Drum Master

DIY Electronic Drum Brain


Design and Theory

The core problem which Drum Master addresses is that of sensing when you hit a drum pad, and passing that information to the computer so that it can do something about it (i.e., play a sound). The generally accepted method for doing this is through the use of Piezo Electric transducers.

Piezo Theory (and the Problems Encountered When Reading Them)

Disclaimer: IANAPTG (I Am Not A Piezo Theory Guy). If you see something here which is inaccurate, please let me know and I will change it. This information has been mostly assembled from reading various web pages, and combined with empirical data I collected from experimentation.

When a piezo electric sensor is struck, it generates a voltage pulse, depending on the velocity of the strike. See Wikipedia for more details on why this happens. The signal generated by this looks like a diminishing sine wave, over a period of about 200 ms (at least for the piezos I am using). Here is a graph of a sample strike:

Graph showing the waveform of an unfiltered Piezo strike

The problem with trying to read this is that it is difficult to get consistent readings. Depending on the exact time at which a reading is taken, you may get wildly different results. For instance, if you take the reading at the 2 ms mark, you will read value 611; at 6 ms you will read 0; at 10 ms you will read 541, etc. Since there is no guarantee that the arduino will read the value at a peak, we must somehow address this and debounce the signal.

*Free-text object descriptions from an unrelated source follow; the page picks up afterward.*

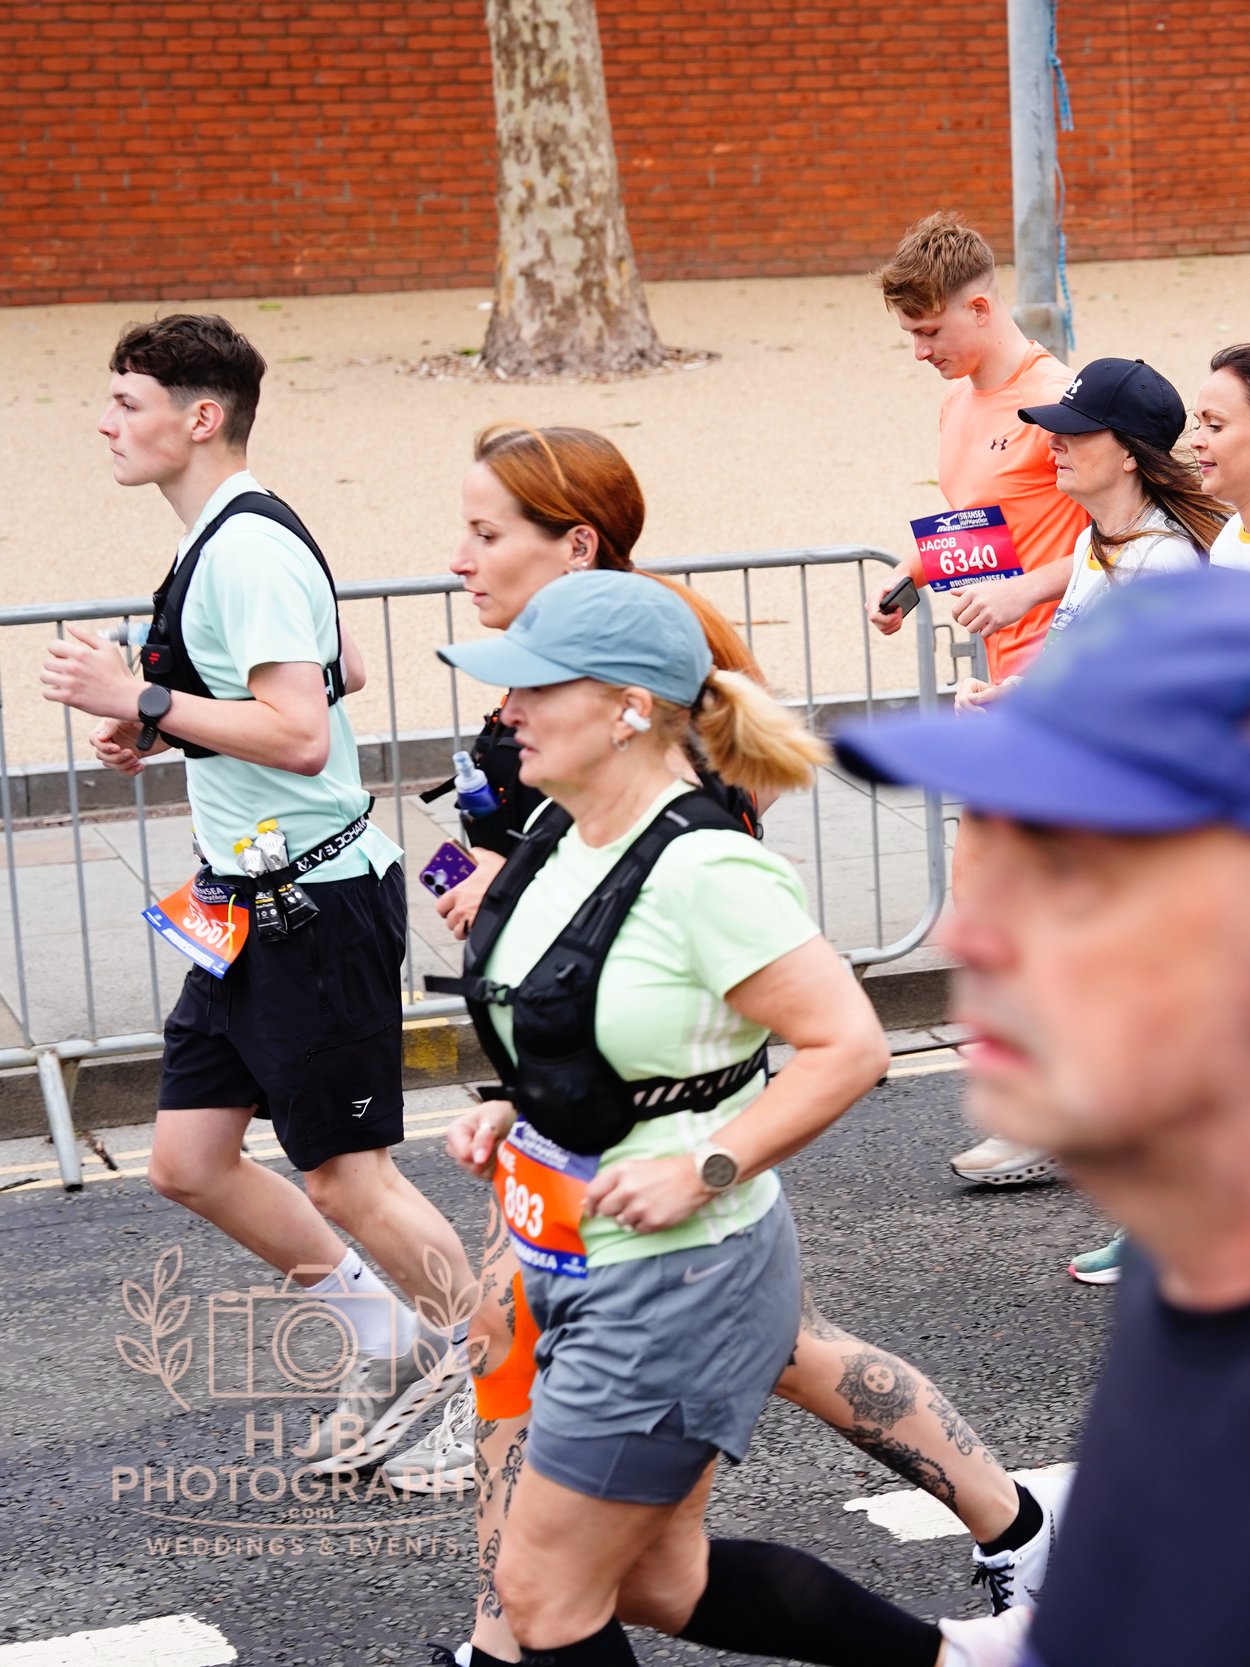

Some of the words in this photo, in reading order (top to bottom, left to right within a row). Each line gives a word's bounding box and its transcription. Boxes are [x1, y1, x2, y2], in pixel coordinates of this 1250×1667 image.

[959, 509, 987, 520] SWANSEA
[920, 537, 957, 552] JACOB
[940, 544, 998, 576] 6340
[504, 1175, 544, 1238] 893
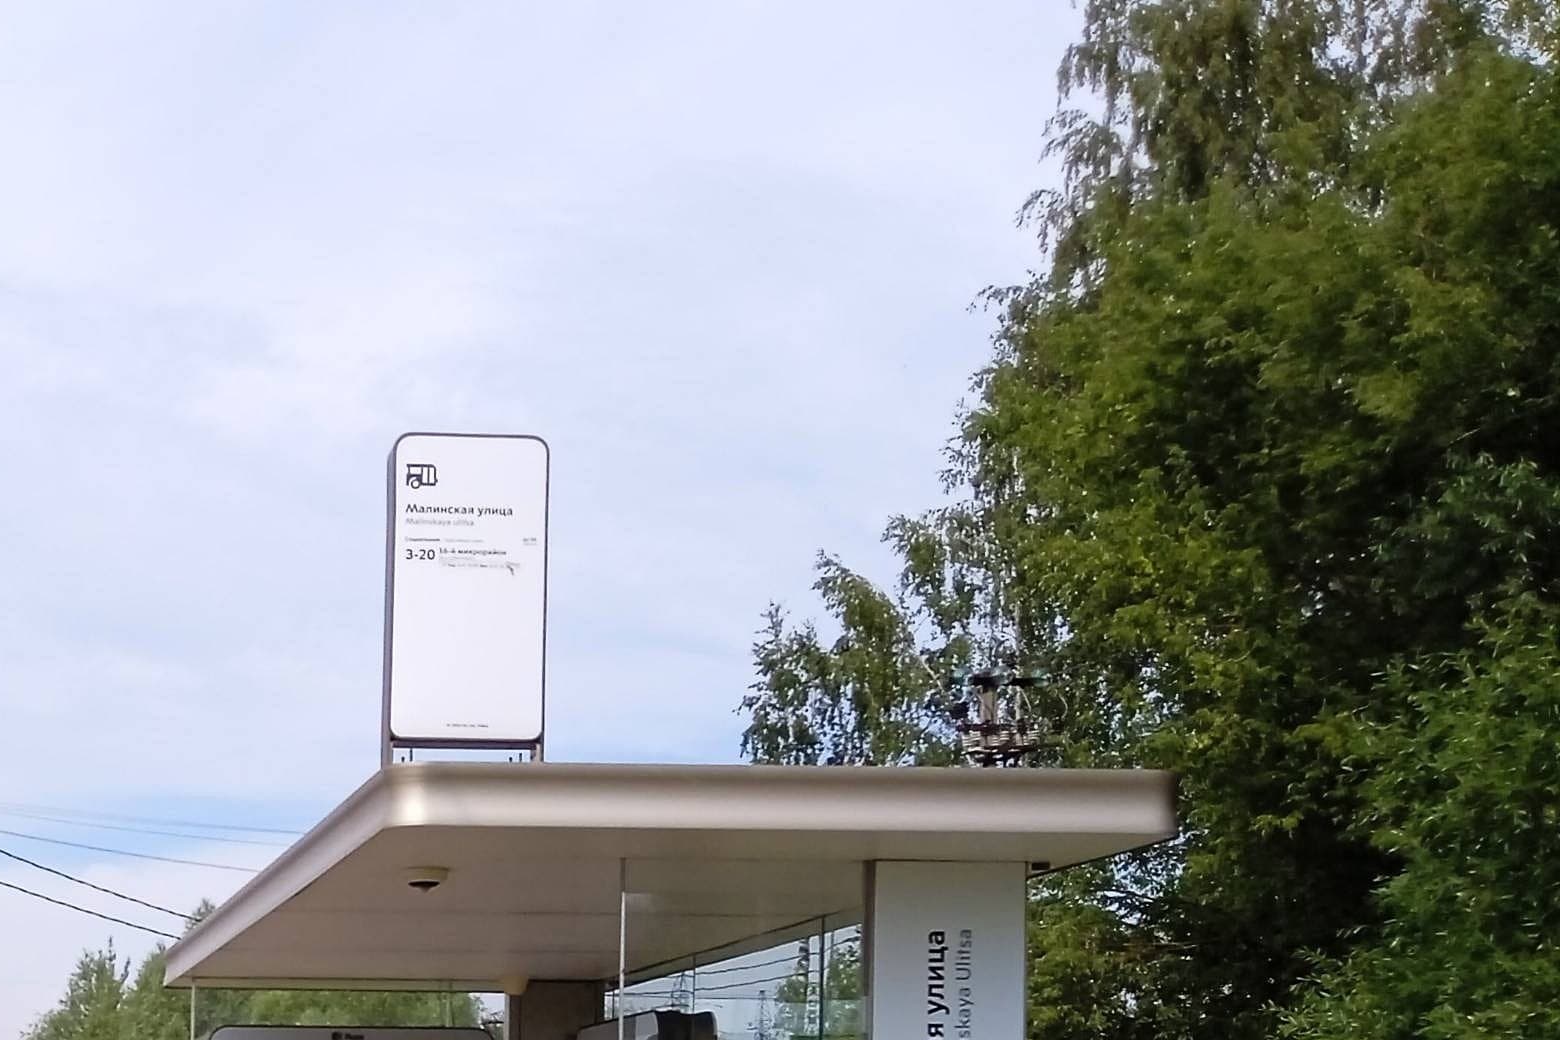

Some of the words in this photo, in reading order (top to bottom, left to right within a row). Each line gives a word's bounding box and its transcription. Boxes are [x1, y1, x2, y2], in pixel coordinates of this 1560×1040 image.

[405, 503, 474, 515] Малинская
[477, 506, 513, 518] улица
[927, 930, 951, 1015] улица
[954, 929, 973, 981] Ulitsa

One possible method to approach this is using software. If you do repeated analog reads over a period of time (say, 25 ms), you can take the maximum reading, weighted average, etc, and use that value. I did some experiments with this method, and while it works better than using no software debouncing at all, it still is not as reliable as I would like - some hits are missed completely, and others are not reading a consistent velocity value for similar strength hits.

The solution I finally decided on is to do the filtering in hardware, and rely on software only to smooth out exceptional situations. This appraoch seems to work very well, and gives consistent results all the time.

The hardware filter I came up with consists of two resistors, a capacitor, and a signal diode. (Check out the schematics page for details on how this is laid out.) When using this filter, you can get a waveform as follows:

Graph showing the waveform of a filtered Piezo strike

(Note that I modified the values of the data set for this graph slightly, to adjust the velocity of the strike to be closer to the first one. Also note that the slope of the graph as the voltage drops will depend on the value of resistor RR6. When generating this particular graph, I used different resistor values from what I finally ended up using. The final design has a steeper drop-off; it gets to zero after about 10ms, instead of the 20ms as seen here. The general shape of the graph is accurate, though.)

As you can see, the 'ringing' of the sine wave is removed, and the signal falls off quickly so as to avoid any double triggers. Note that we ignore values under about 0.3 volts (the voltage drop of a schottkey diode), due to the way we set up the op amp trigger, on the trigger board - as you can see from the graph, the signal falls below this value at about 20ms. Compare that to about 150 ms on the unfiltered version.